▸ YOUR GOAL: Would you please copy exactly the line with "Some of the words" and all lines that follow it in the data below, through the last one?

▸ TASK DATA:

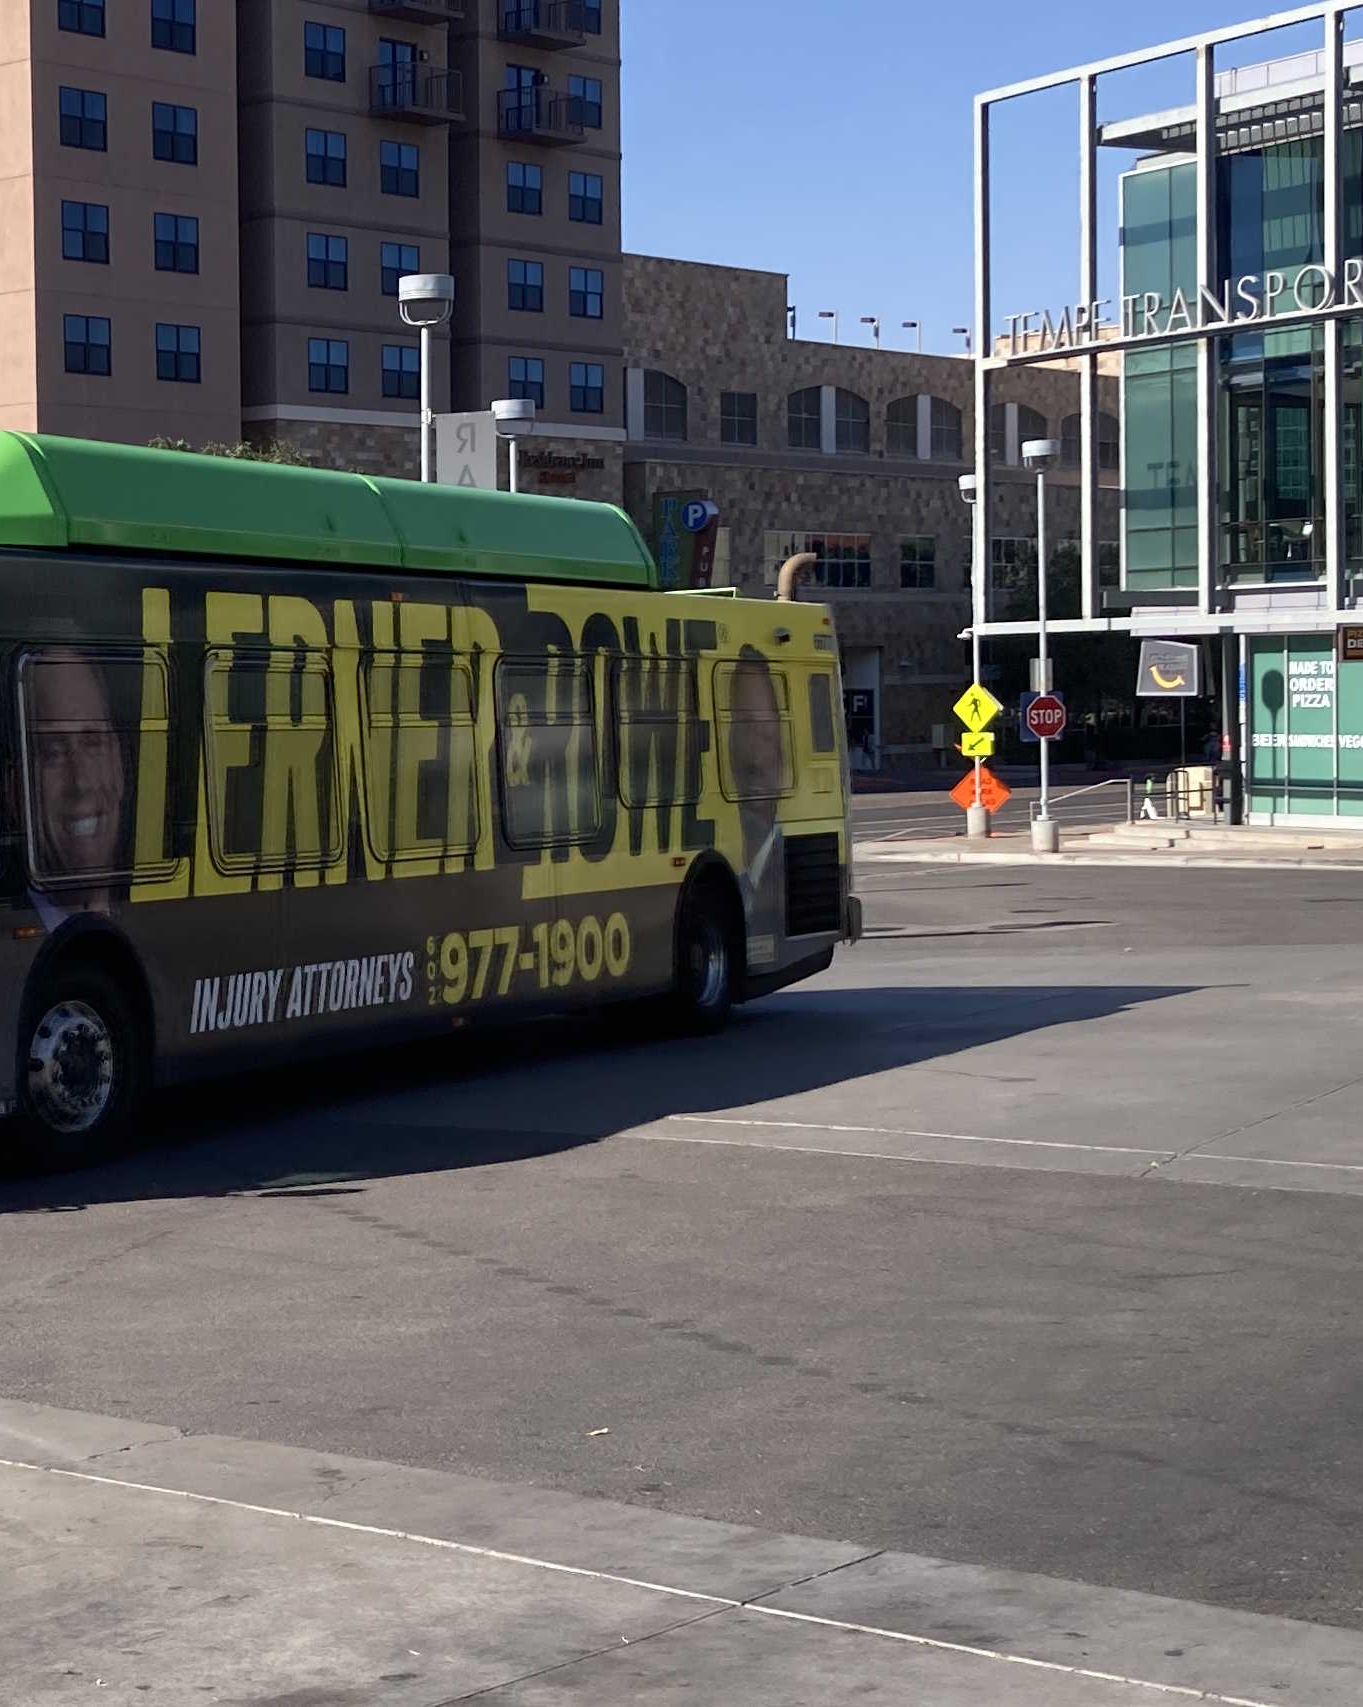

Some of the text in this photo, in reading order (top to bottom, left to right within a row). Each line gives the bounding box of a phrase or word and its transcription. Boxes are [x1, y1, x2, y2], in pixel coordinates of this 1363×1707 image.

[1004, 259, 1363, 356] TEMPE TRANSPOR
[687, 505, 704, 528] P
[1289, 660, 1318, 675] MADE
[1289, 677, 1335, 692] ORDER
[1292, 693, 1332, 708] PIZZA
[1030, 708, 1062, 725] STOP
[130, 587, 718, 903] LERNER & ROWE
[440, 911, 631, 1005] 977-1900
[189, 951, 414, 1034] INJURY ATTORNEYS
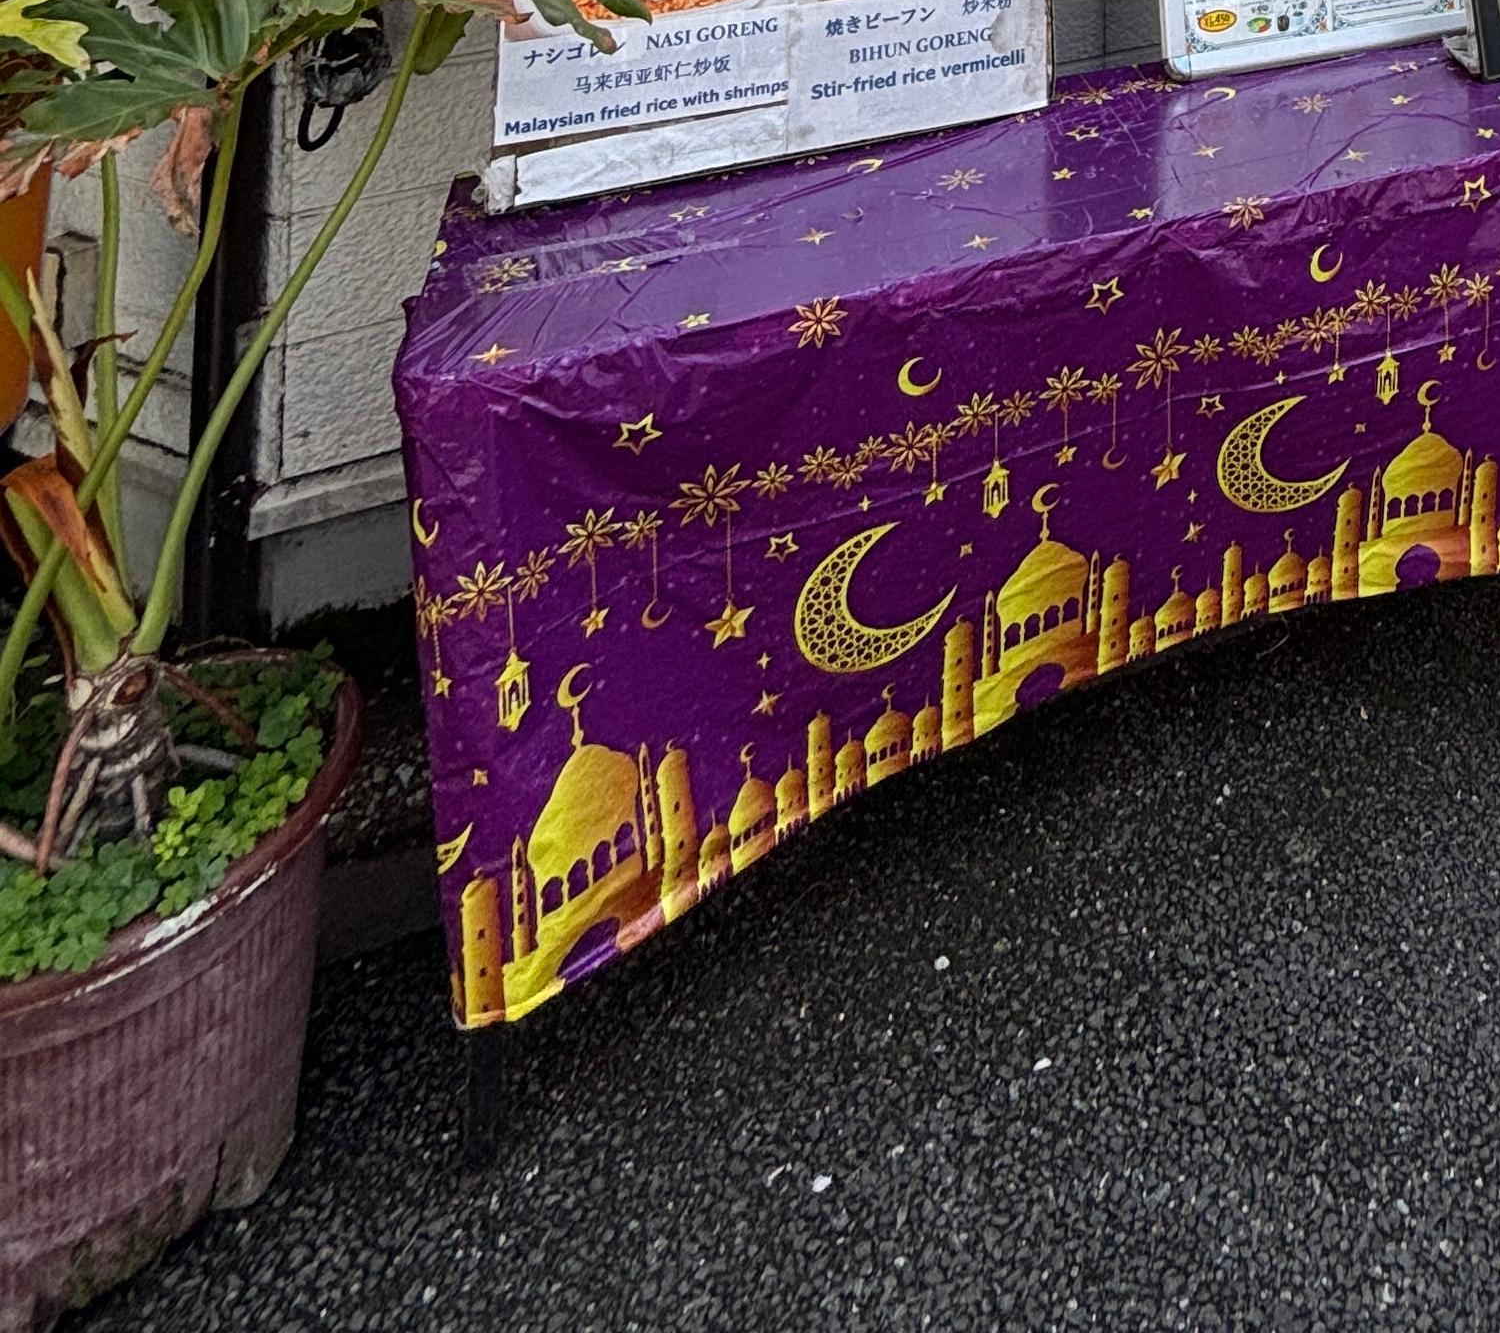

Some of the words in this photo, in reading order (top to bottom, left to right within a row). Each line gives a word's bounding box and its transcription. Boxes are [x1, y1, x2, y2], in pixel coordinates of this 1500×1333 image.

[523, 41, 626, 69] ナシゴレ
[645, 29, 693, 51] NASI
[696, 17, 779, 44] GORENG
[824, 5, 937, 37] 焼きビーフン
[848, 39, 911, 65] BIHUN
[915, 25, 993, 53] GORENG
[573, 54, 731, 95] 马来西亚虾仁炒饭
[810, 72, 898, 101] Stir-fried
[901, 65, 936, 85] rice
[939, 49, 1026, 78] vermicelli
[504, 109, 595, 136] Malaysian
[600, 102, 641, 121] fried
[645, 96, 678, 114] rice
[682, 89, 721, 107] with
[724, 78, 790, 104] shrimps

▸ OUTPUT:
Some of the words in this photo, in reading order (top to bottom, left to right within a row). Each line gives a word's bounding box and its transcription. Boxes are [x1, y1, x2, y2], in pixel coordinates of this 1500×1333 image.

[523, 41, 626, 69] ナシゴレ
[645, 29, 693, 51] NASI
[696, 17, 779, 44] GORENG
[824, 5, 937, 37] 焼きビーフン
[848, 39, 911, 65] BIHUN
[915, 25, 993, 53] GORENG
[573, 54, 731, 95] 马来西亚虾仁炒饭
[810, 72, 898, 101] Stir-fried
[901, 65, 936, 85] rice
[939, 49, 1026, 78] vermicelli
[504, 109, 595, 136] Malaysian
[600, 102, 641, 121] fried
[645, 96, 678, 114] rice
[682, 89, 721, 107] with
[724, 78, 790, 104] shrimps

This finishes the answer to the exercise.